15First, Mr Sexton SC pointed to other aspects of State law that regulate the enforcement of contractual remedies such as limitation periods and submitted that Wallis is not authority for the proposition that they do not apply to actions for breach of a term implied into a contract by s 74(1) of the TPA. I accept that, as a consequence of Wallis, there maybe some uncertainty as to whether some aspect of State law is inconsistent with the "full contractual liability" that s 74(1) implies, but it need not be resolved in this case.
16Second, Mr Sexton SC also submitted that the reference to "full contractual liability" in the extract from Wallis at [7] needs to be considered with that part of the judgment that addressed the operation of s 9(1) of the Carriers' Liabilities Act (extracted at [9]). He submitted that s 9(1) was directly inconsistent with former ss 68(1) and 74(1) in that the former operated to imply a limitation on liability into the contract in the form provided for by s 6(1), whereas the latter operated to ensure that no such term of the contract could, inter alia, restrict or modify any liability for a breach of the term implied by s 74(1). While I accept that the passage extracted in [9] is to that effect, Toohey and Gaudron JJ's analysis of s 9 of the Carriers' Liabilities Act was additional to their finding that s 6(1) of that Act impaired the "full contractual liability" said to be conferred by s 74(1).
17Third, to this point the relevant limitations that have been considered are those provisions in Part 2 of the CLA that restrict the recovery of damages.
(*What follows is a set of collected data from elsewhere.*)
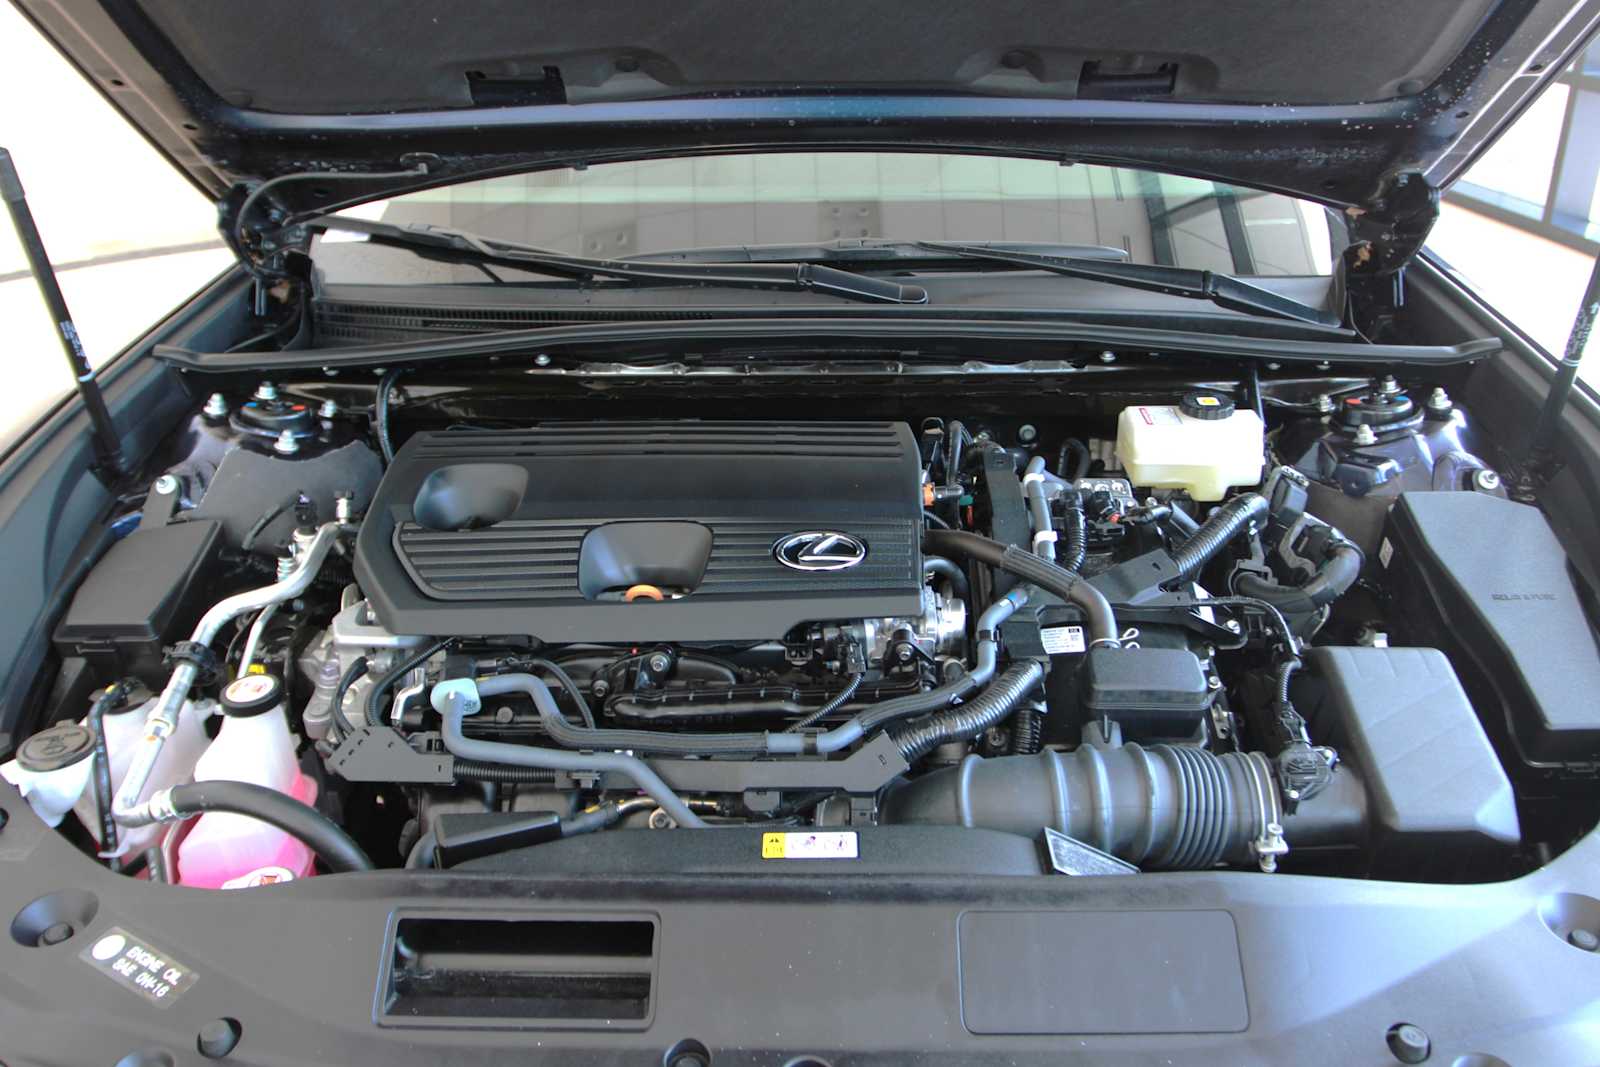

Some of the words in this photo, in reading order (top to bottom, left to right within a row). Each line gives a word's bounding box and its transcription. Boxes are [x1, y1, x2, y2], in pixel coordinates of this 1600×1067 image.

[112, 958, 138, 977] SAE
[126, 946, 165, 973] ENGINE
[163, 968, 182, 986] OIL
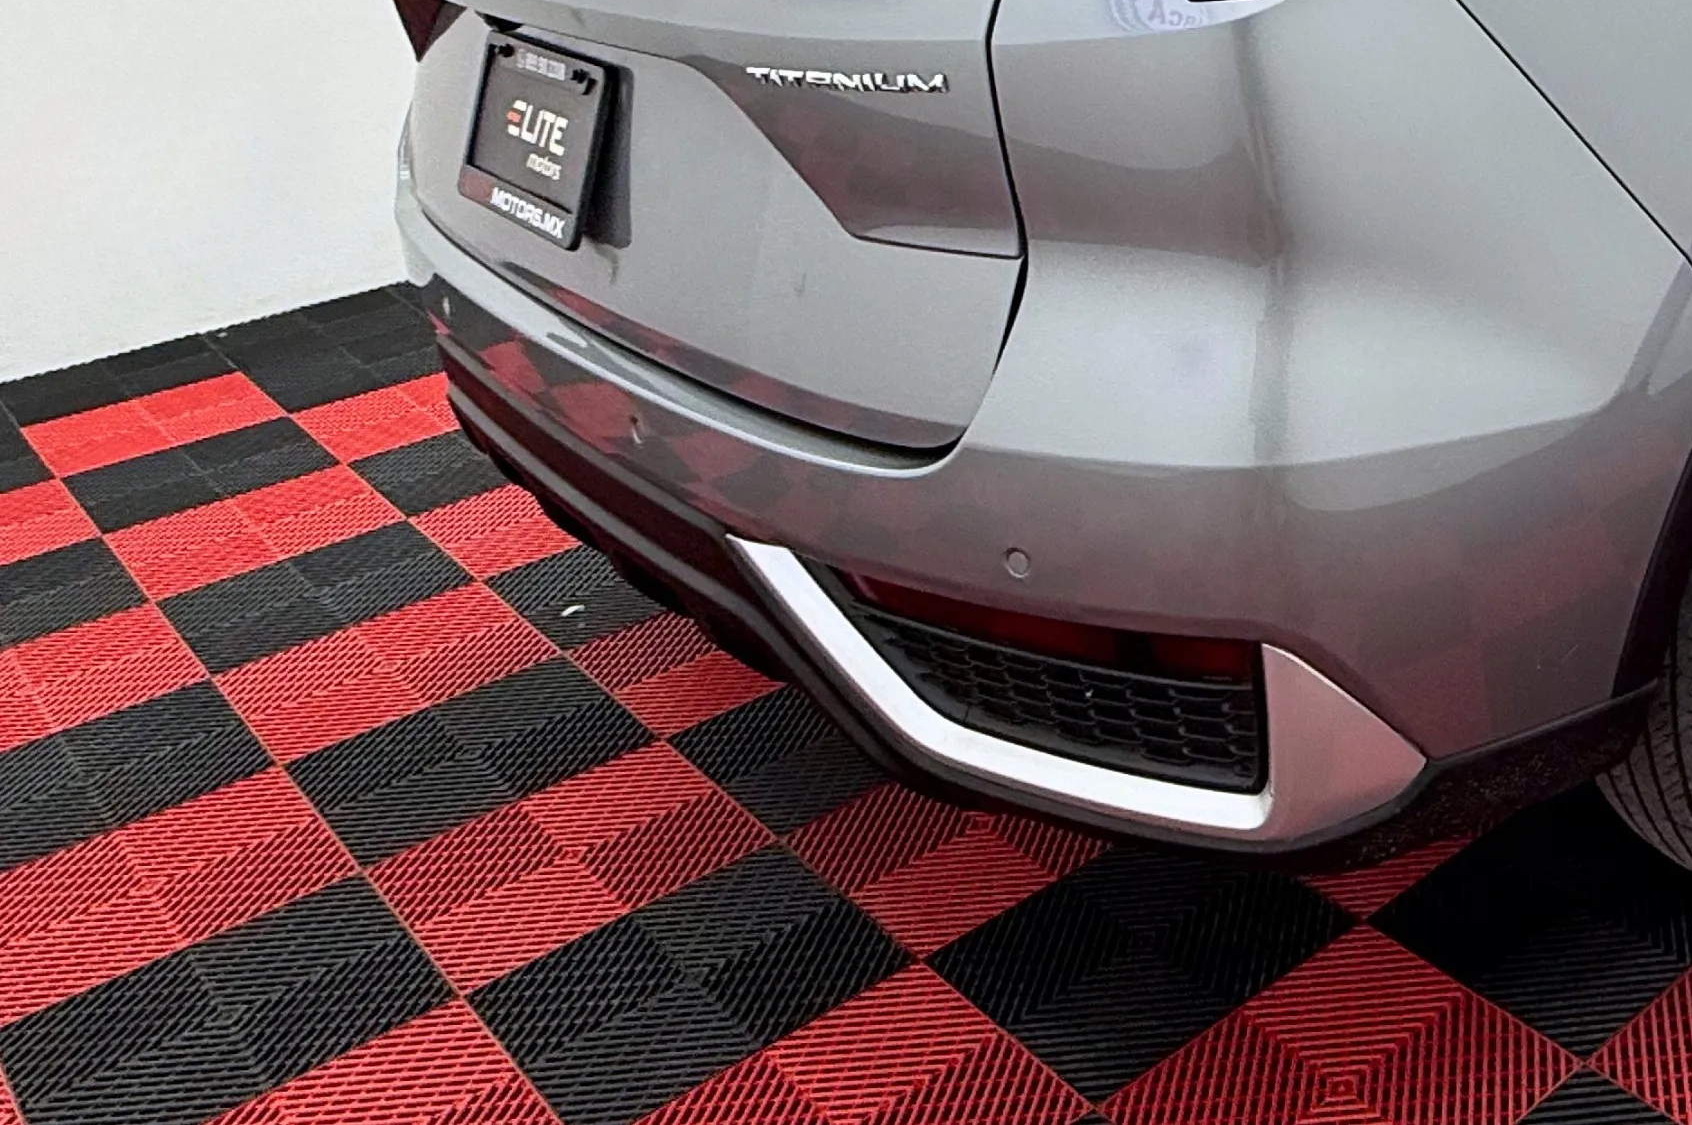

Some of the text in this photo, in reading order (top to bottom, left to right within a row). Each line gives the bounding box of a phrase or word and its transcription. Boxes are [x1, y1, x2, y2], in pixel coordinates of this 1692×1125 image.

[746, 66, 950, 94] TITANIUM
[506, 99, 569, 156] ELITE
[526, 153, 562, 181] motors
[490, 186, 565, 239] MOTORS.MX
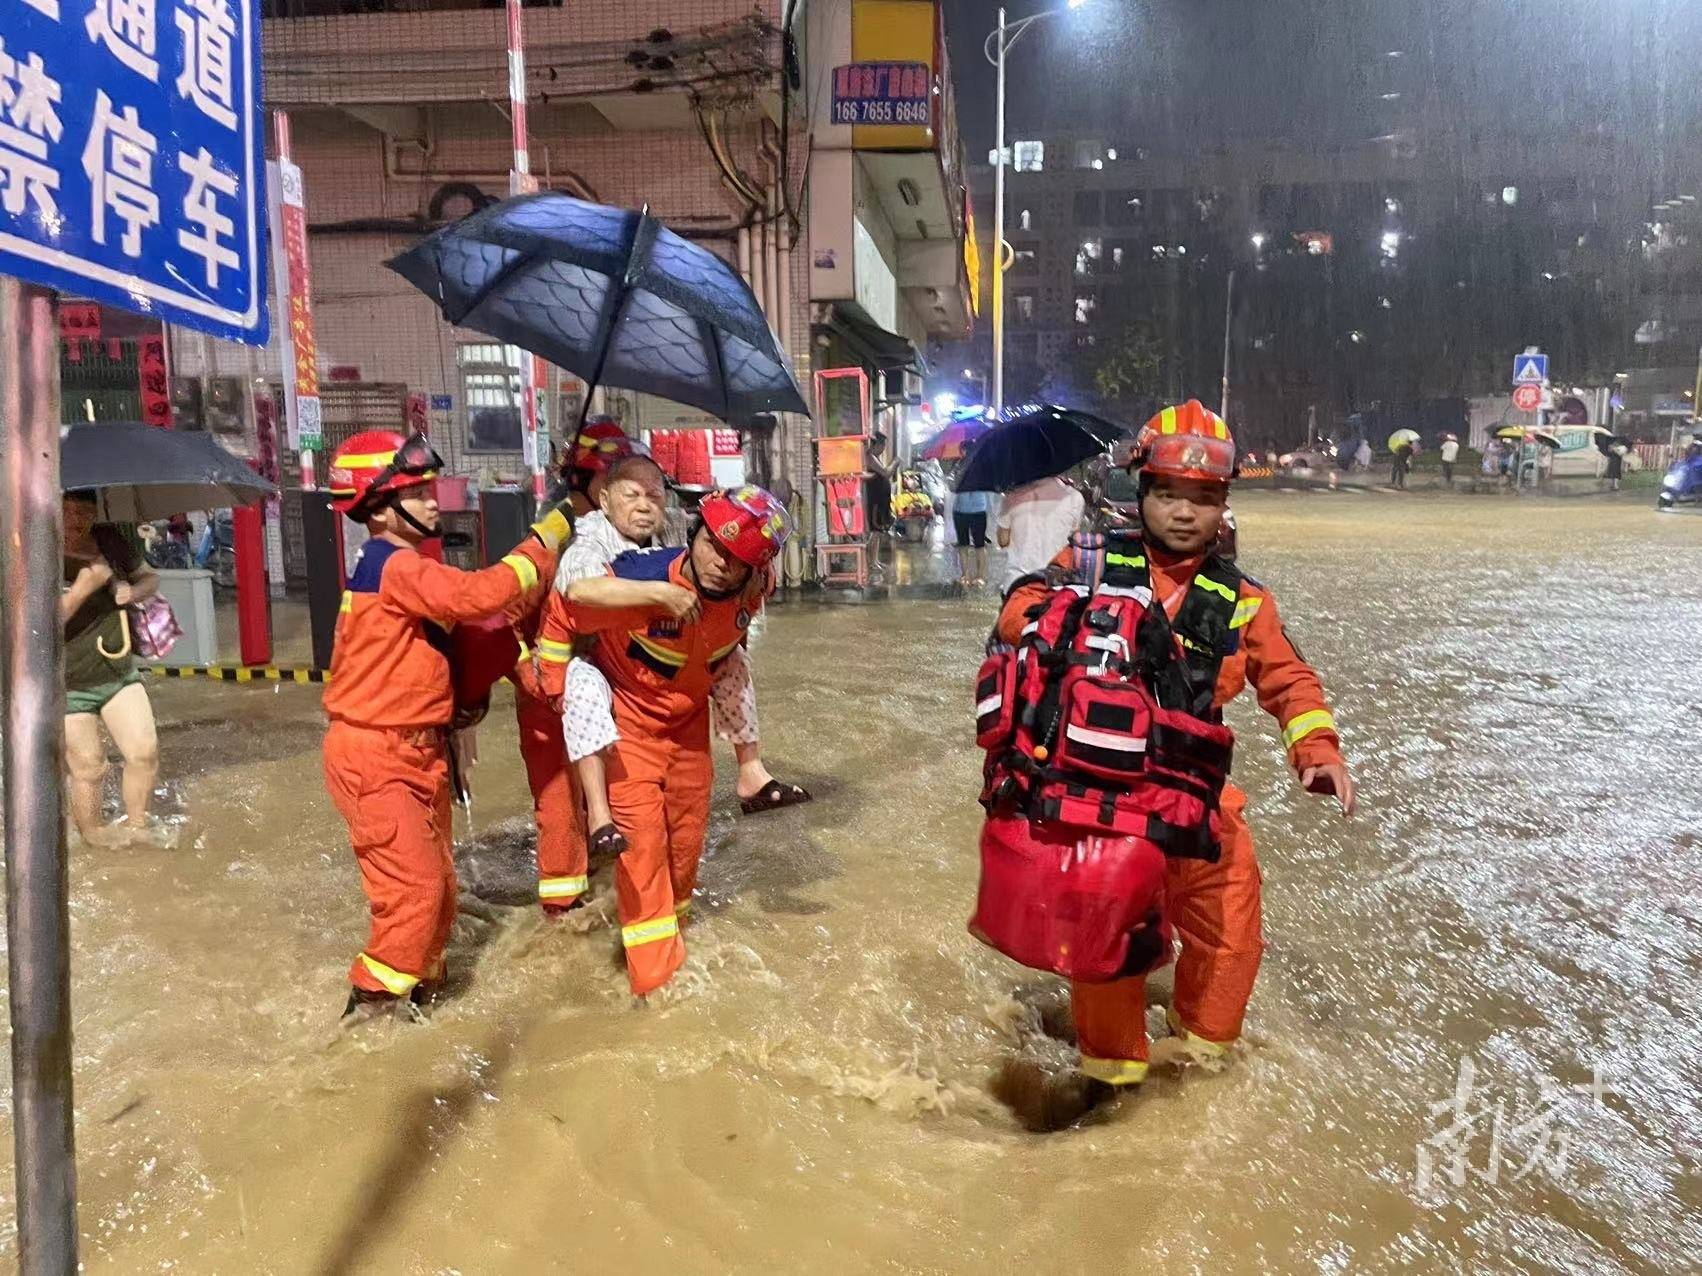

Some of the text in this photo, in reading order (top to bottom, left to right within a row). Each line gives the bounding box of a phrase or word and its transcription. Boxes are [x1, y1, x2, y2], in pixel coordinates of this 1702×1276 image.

[20, 0, 238, 131] 通道
[836, 101, 927, 121] 166 7655 6646
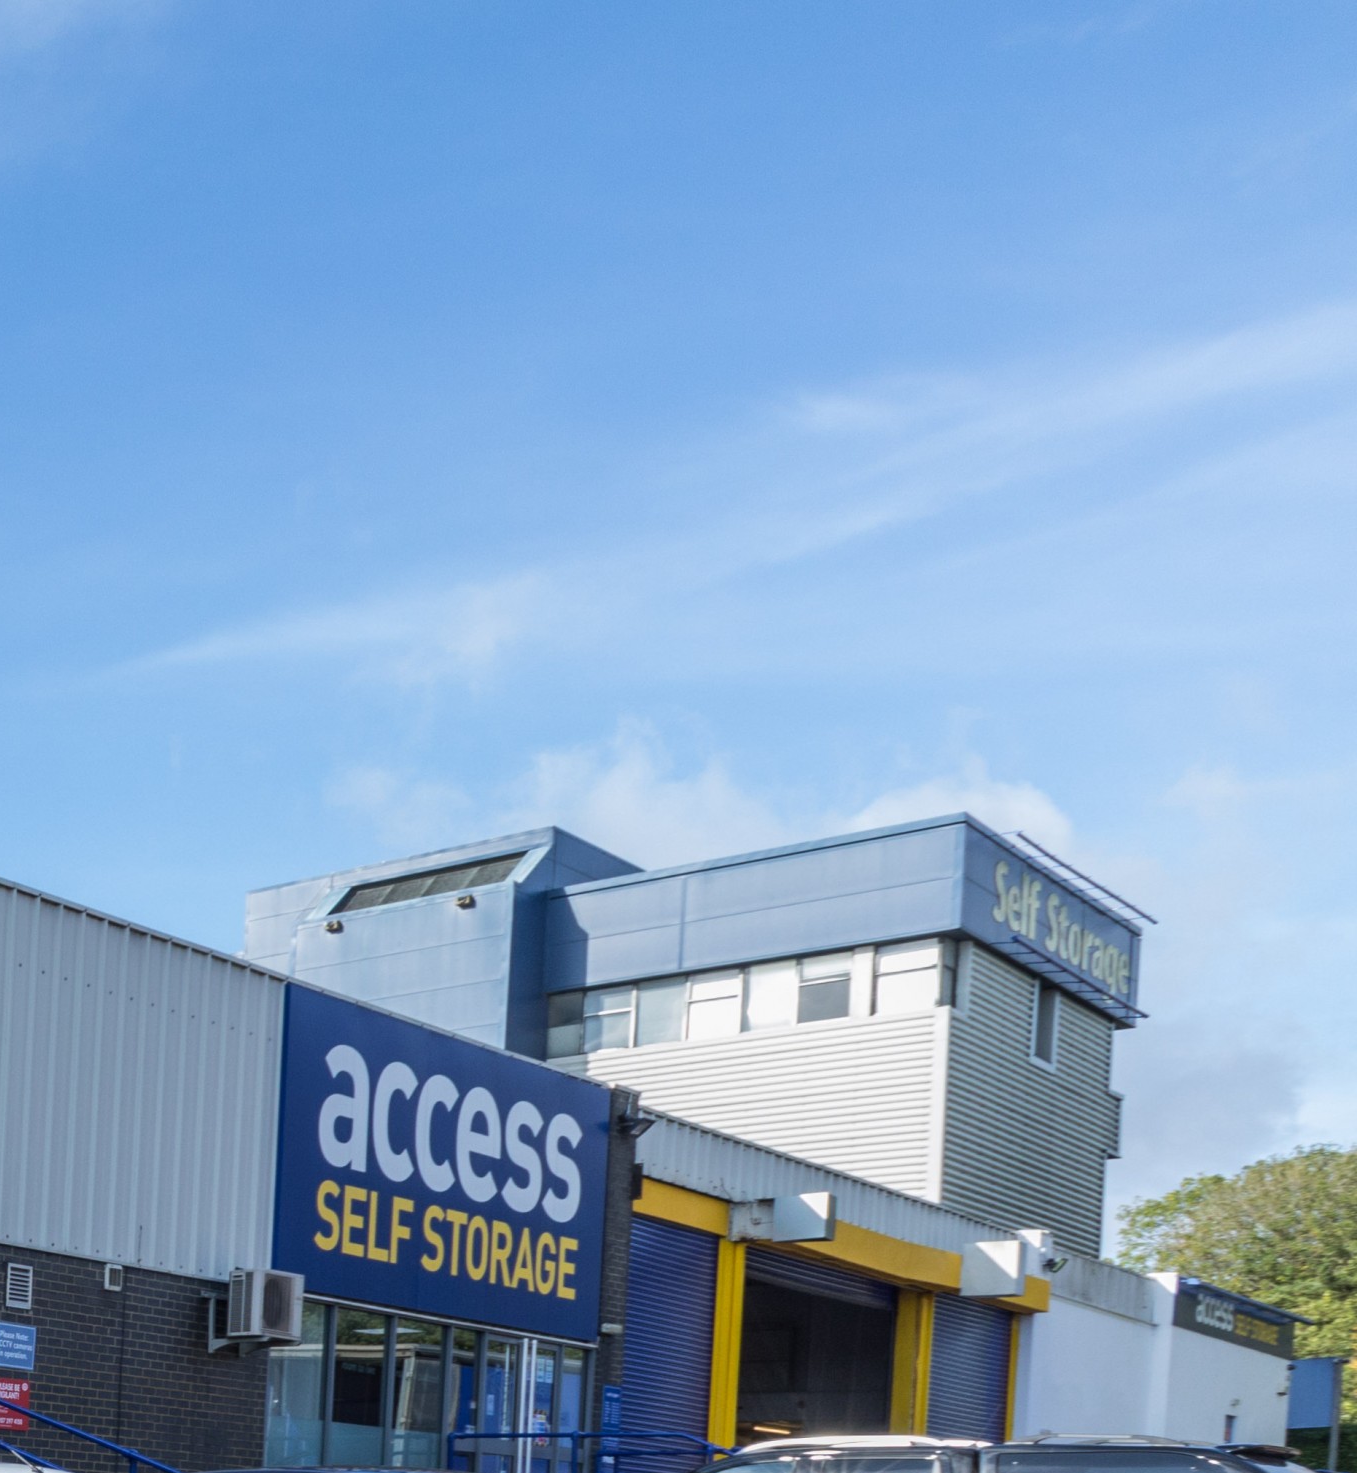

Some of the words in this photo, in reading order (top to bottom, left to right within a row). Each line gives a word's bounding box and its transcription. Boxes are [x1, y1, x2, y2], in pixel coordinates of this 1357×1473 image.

[992, 861, 1042, 940] Self
[1045, 893, 1130, 1003] Storage
[318, 1044, 583, 1222] access
[314, 1180, 414, 1264] SELF
[420, 1205, 578, 1300] STORAGE
[0, 1329, 15, 1339] Please
[14, 1383, 20, 1392] BE
As stated, I do not consider that there is any relevant distinction between those provisions and s 6(1) of the Carriers' Liabilities Act considered in Wallis. However, prima facie the regime of establishing liability for negligence found in Part 1A of the CLA is also applicable to a claim that there was a failure to comply with the term implied by s 74(1) (principal judgment at [82]). The regime in Part 1A includes numerous exceptions and exclusions, so that there may be circumstances in which the services will not be rendered with due care and skill, yet no liability attaches. For example, s 5L precludes liability for harm suffered from obvious risks of dangerous recreational activities (as defined). Clearly there can be a breach of the term implied by s 74(1) when services are supplied to a person who engages in such an activity.
18If Part 1A applies to claims for a breach of the term implied by s 74(1) then it would effectively rewrite the term. It would give rise to a direct inconsistency in that Part 1A would "alter, impair or detract from" s 74(1) (Victoria v The Commonwealth [1937] HCA 82; 58 CLR 618, "The Kakariki Case", at 630 per Dixon J). Consistent with Wallis, the regime of liability found in Part 1A of the CLA is also rendered inapplicable to actions for breach of the term implied by s 74(1) by the operation of s 109 of the Constitution.
19Accordingly the answer to both of the questions posed in [6] is "no".